* _Work order_: All entries need to be written out verbatim, with pictures omitted.

======== Provided records ========

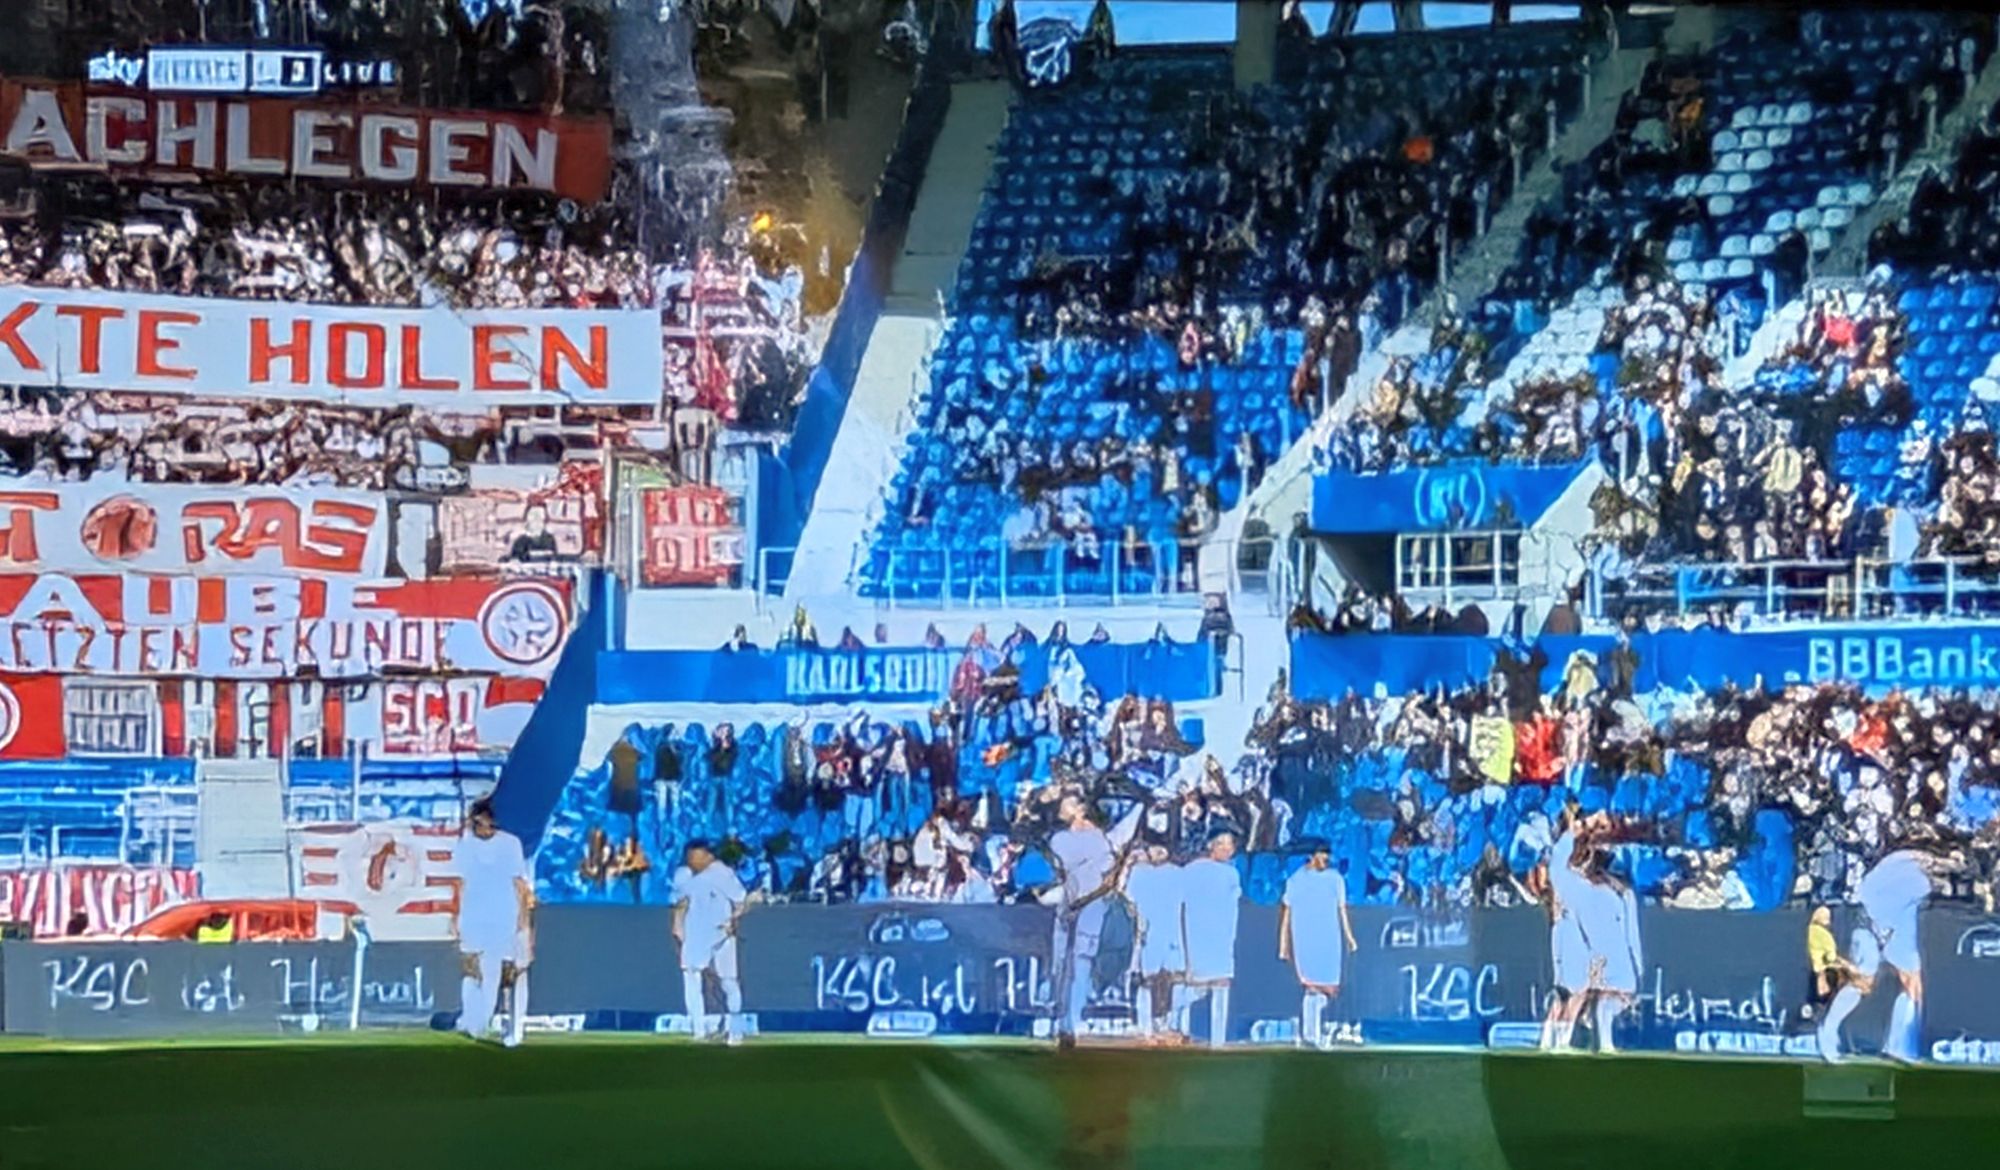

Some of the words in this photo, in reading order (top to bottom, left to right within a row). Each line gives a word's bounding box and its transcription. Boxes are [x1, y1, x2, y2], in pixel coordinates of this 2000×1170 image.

[88, 51, 143, 85] sky
[5, 88, 558, 192] ACHLEGEN
[249, 317, 608, 391] HOLEN
[786, 653, 955, 696] KARLSRUH
[1808, 633, 2000, 683] BBBank
[44, 956, 150, 1011] KSC
[811, 956, 900, 1013] KSC
[1399, 963, 1505, 1021] KSC

========

* _Answer section_:
Some of the words in this photo, in reading order (top to bottom, left to right within a row). Each line gives a word's bounding box and its transcription. Boxes are [x1, y1, x2, y2], in pixel coordinates of this 2000×1170 image.

[88, 51, 143, 85] sky
[5, 88, 558, 192] ACHLEGEN
[249, 317, 608, 391] HOLEN
[786, 653, 955, 696] KARLSRUH
[1808, 633, 2000, 683] BBBank
[44, 956, 150, 1011] KSC
[811, 956, 900, 1013] KSC
[1399, 963, 1505, 1021] KSC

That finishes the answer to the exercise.